Methylfolate, the active form of vitamin B9, supports DNA methylation, detoxification, and neurotransmitter production. Dr. Doni explains why methylfolate (not folic acid) is essential for preventing HPV-related abnormal cells.
Methylfolate is the active form of vitamin B9, essential for DNA methylation and cellular health. Dr. Doni talks about how methylfolate (not folic acid) supports detoxification, neurotransmitter production, and helps prevent HPV-related abnormal cells.

Welcome to How Humans Heal. In this episode, I’m going to help you understand the critical difference between folic acid and methylfolate, and whether you should be taking either one if you’re testing positive for high-risk HPV virus and potentially abnormal cells.

Folic Acid vs. Methylfolate: Understanding the Difference

Folic acid and methylfolate are both forms of vitamin B9. Folic acid is the synthetic form of vitamin B9, while methylfolate is the active form. Foic acid is commonly used in processed foods and many lower-quality supplements like multivitamins, prenatal vitamins, and B-complexes. 

I encourage you to take out your supplements right now and look at the back label to see what type of B9 is in there. Is it folic acid, which is the inactive form, or methylfolate, also known as folate for short, which is the active form?

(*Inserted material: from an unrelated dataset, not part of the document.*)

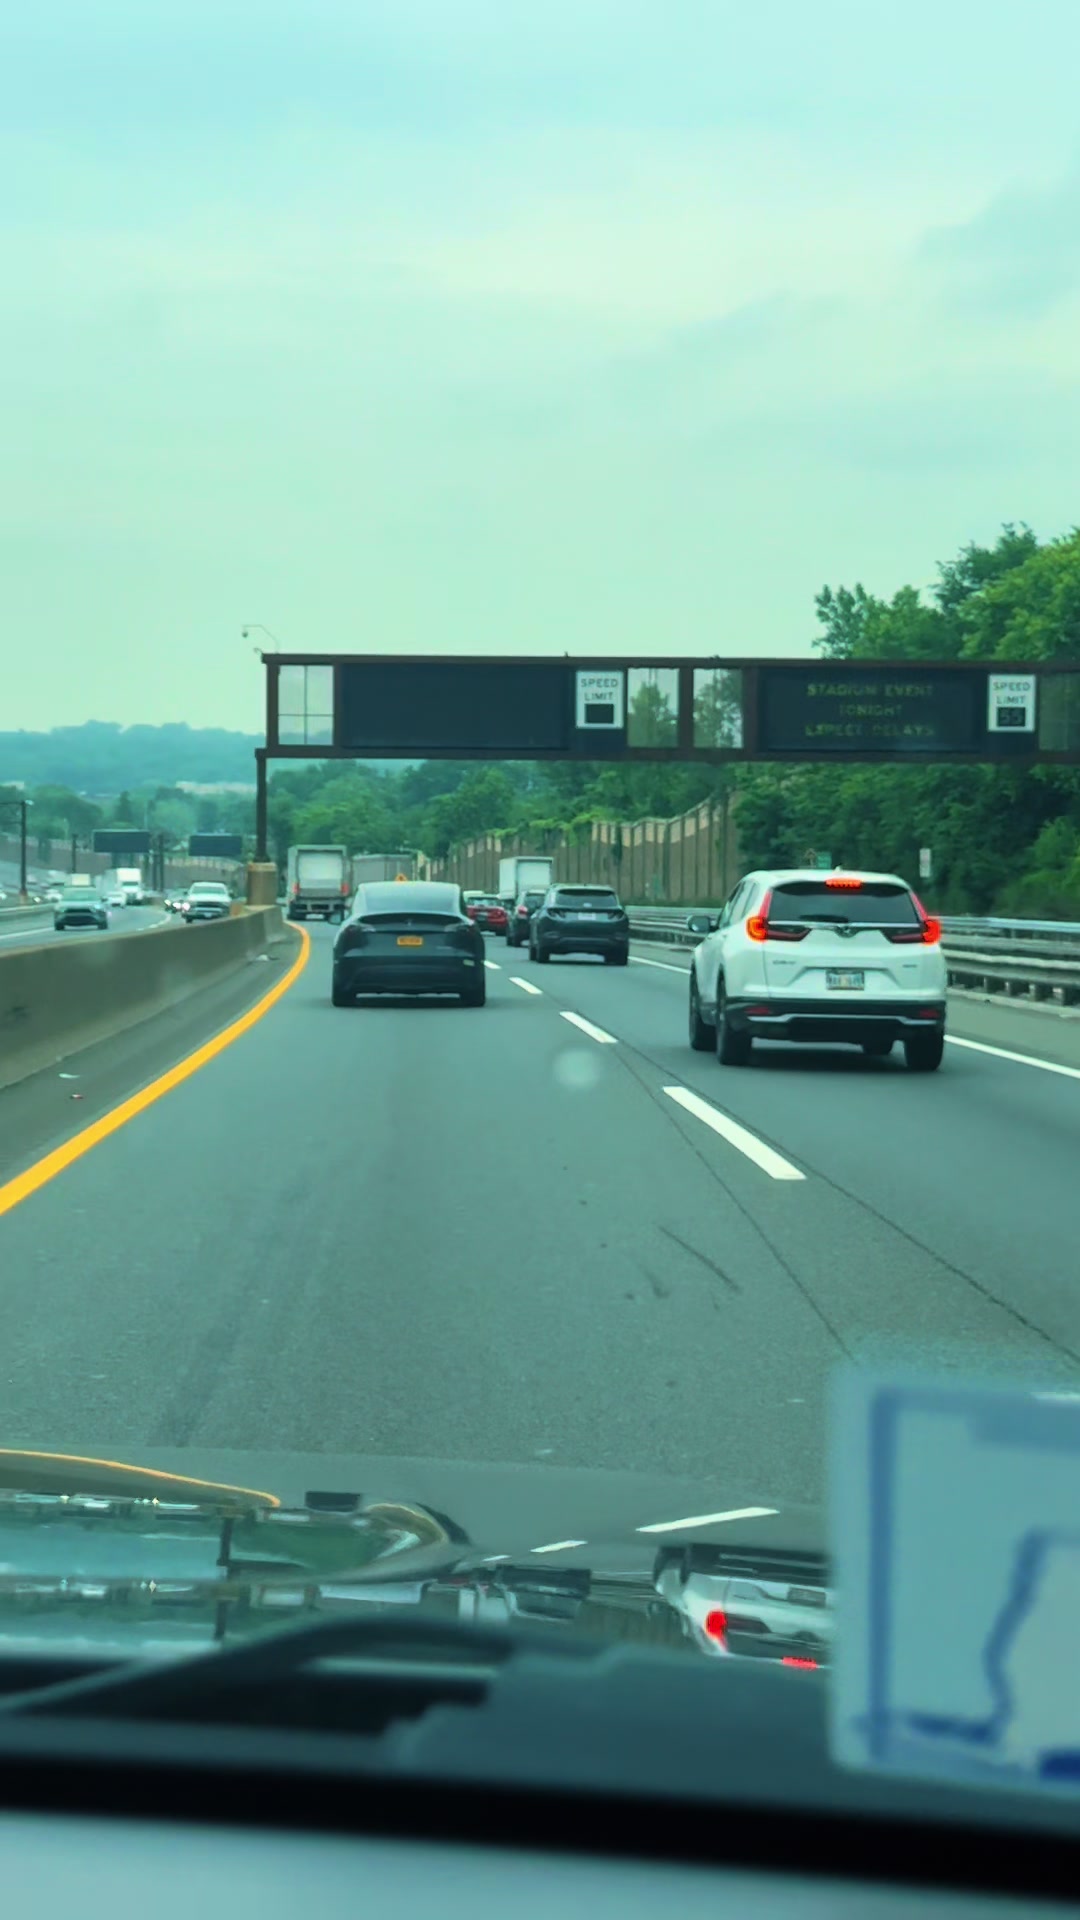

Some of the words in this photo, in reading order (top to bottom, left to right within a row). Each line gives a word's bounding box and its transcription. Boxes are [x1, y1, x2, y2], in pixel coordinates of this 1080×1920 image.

Once you swallow folic acid, your body has to convert it into methylfolate, which is the form your cells can actually use. However, at least forty percent of us have at least one gene variation called MTHFR, which affects our ability to convert folic acid into folate. 

If you’re one of those people with one or more MTHFR variations, you might not be able to convert folic acid as effectively. This means you won’t get all the benefits from it.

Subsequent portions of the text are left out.